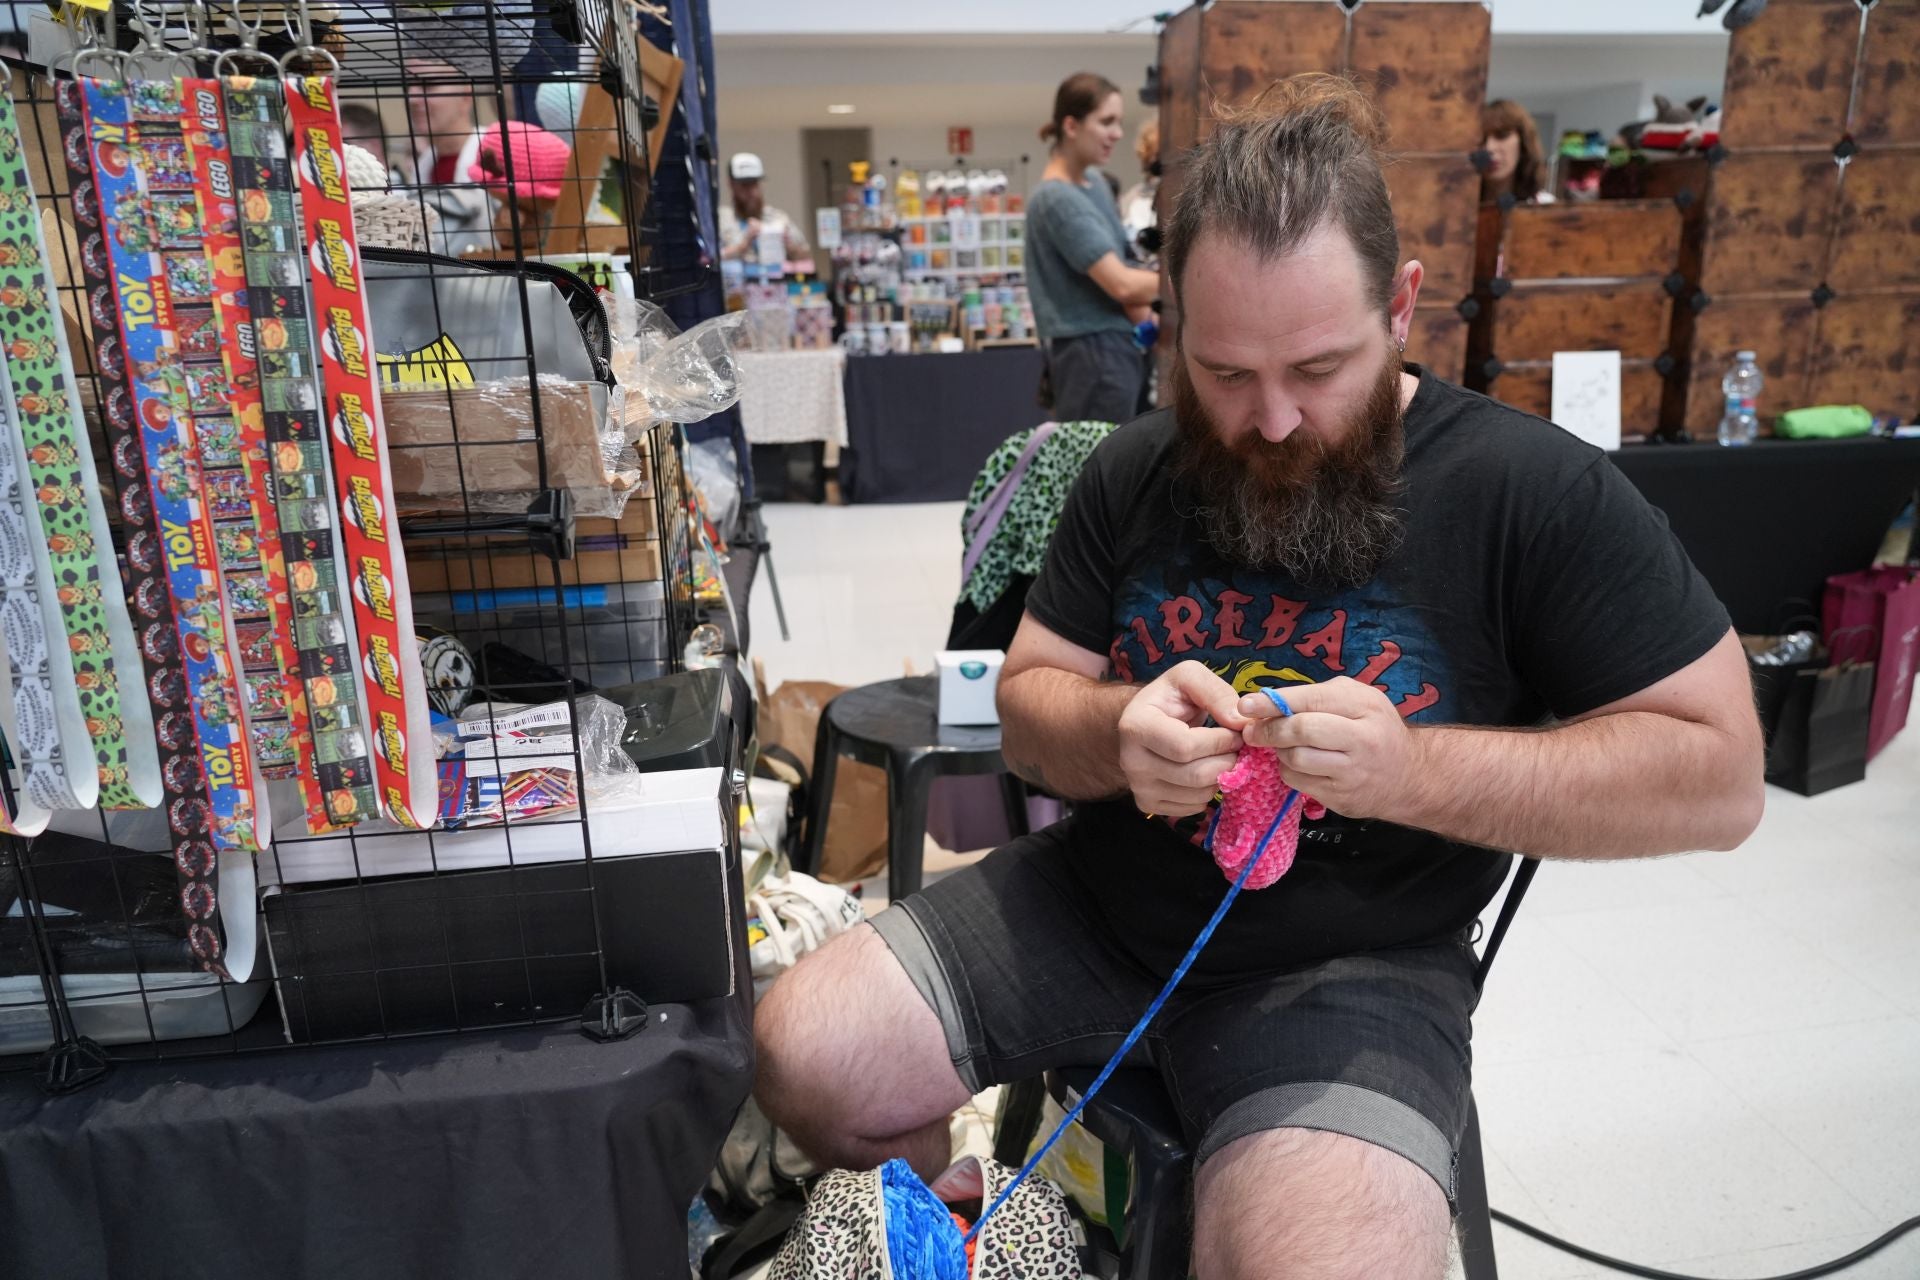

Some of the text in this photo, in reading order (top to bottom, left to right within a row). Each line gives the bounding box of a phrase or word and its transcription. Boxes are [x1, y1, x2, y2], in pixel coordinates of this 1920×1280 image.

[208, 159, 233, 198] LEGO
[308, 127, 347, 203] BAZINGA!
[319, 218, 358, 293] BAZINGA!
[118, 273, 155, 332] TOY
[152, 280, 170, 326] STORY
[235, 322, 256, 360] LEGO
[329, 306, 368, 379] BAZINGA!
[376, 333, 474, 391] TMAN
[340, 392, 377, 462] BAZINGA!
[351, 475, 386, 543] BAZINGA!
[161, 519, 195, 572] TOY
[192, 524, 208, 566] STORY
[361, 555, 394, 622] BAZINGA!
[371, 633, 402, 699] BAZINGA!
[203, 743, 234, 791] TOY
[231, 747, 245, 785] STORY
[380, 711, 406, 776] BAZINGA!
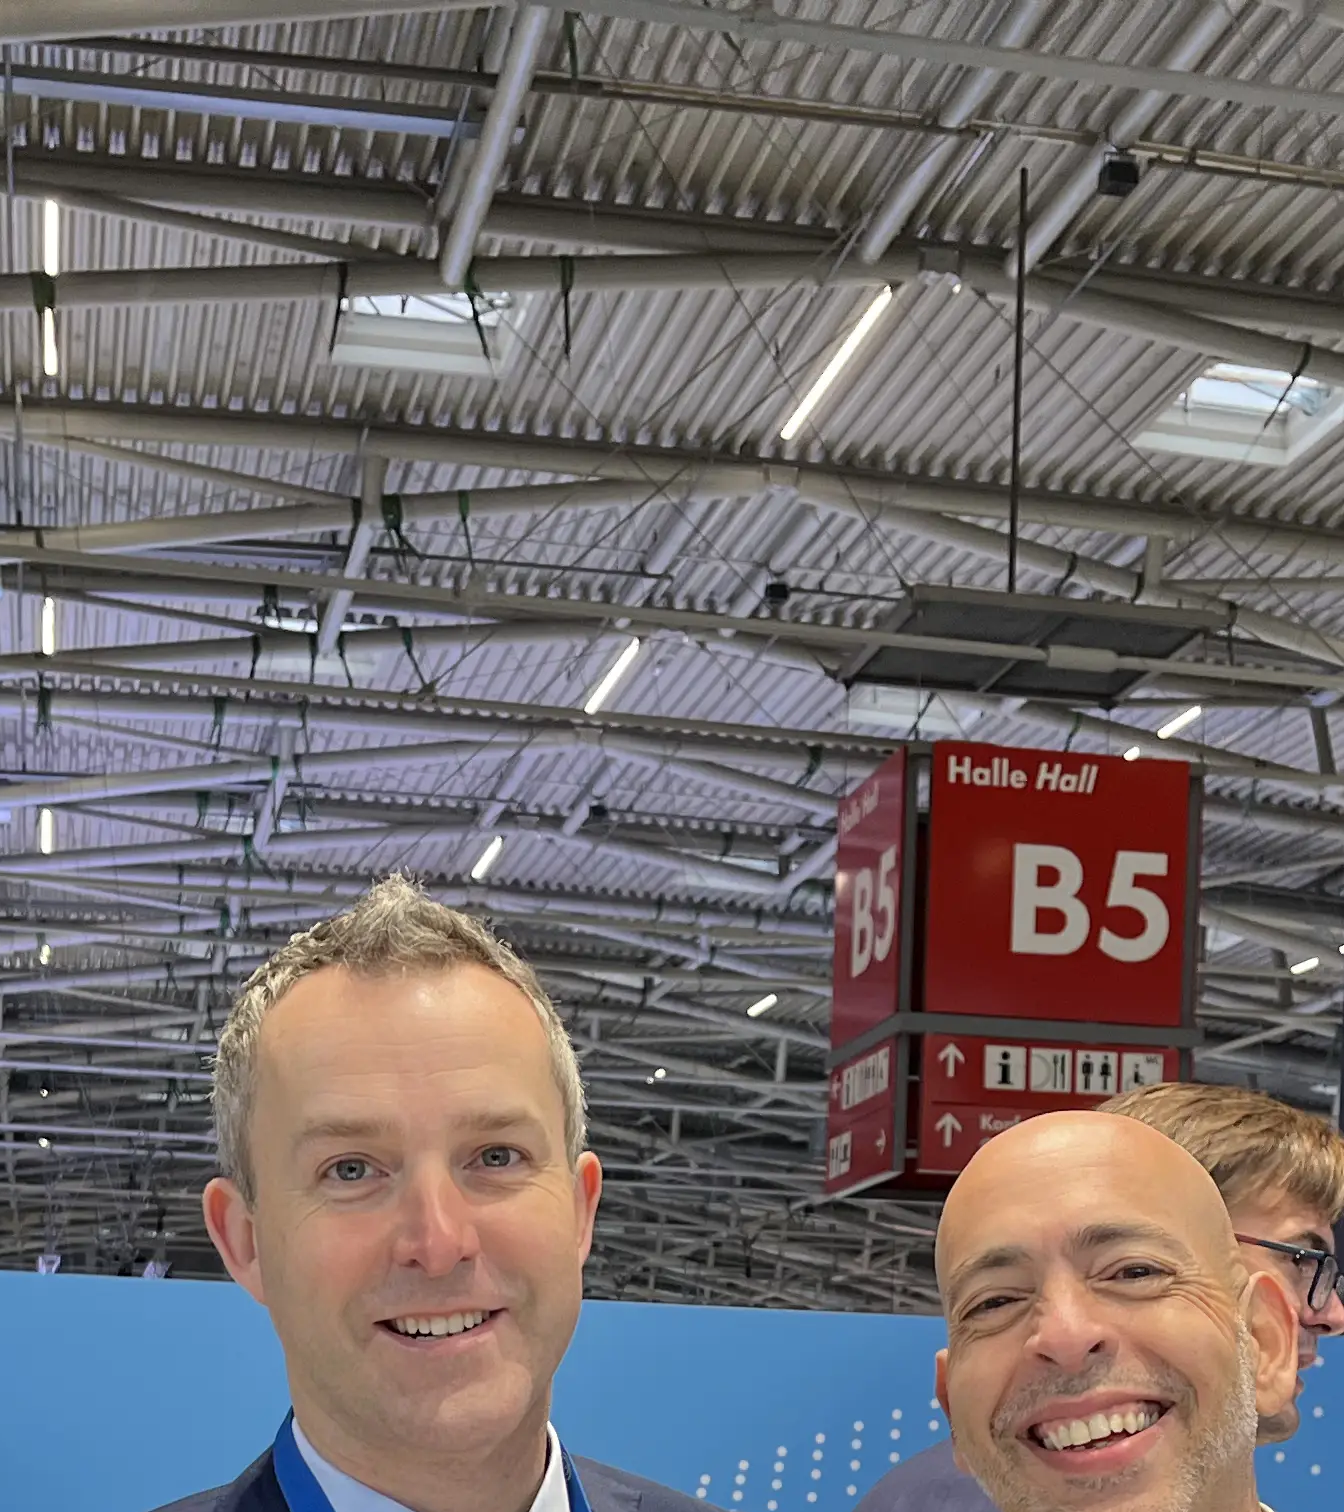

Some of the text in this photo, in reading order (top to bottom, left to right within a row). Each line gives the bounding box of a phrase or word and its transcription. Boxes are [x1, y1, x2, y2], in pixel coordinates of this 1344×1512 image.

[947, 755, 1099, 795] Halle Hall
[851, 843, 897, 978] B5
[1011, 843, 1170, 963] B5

_____

* [What needs to be done] Everything from the line with "this 1344×1512 image." through the last line of the entries is to be written out again, unchanged; nothing else belongs in the answer.

* [Result below]
Some of the text in this photo, in reading order (top to bottom, left to right within a row). Each line gives the bounding box of a phrase or word and its transcription. Boxes are [x1, y1, x2, y2], in pixel coordinates of this 1344×1512 image.

[947, 755, 1099, 795] Halle Hall
[851, 843, 897, 978] B5
[1011, 843, 1170, 963] B5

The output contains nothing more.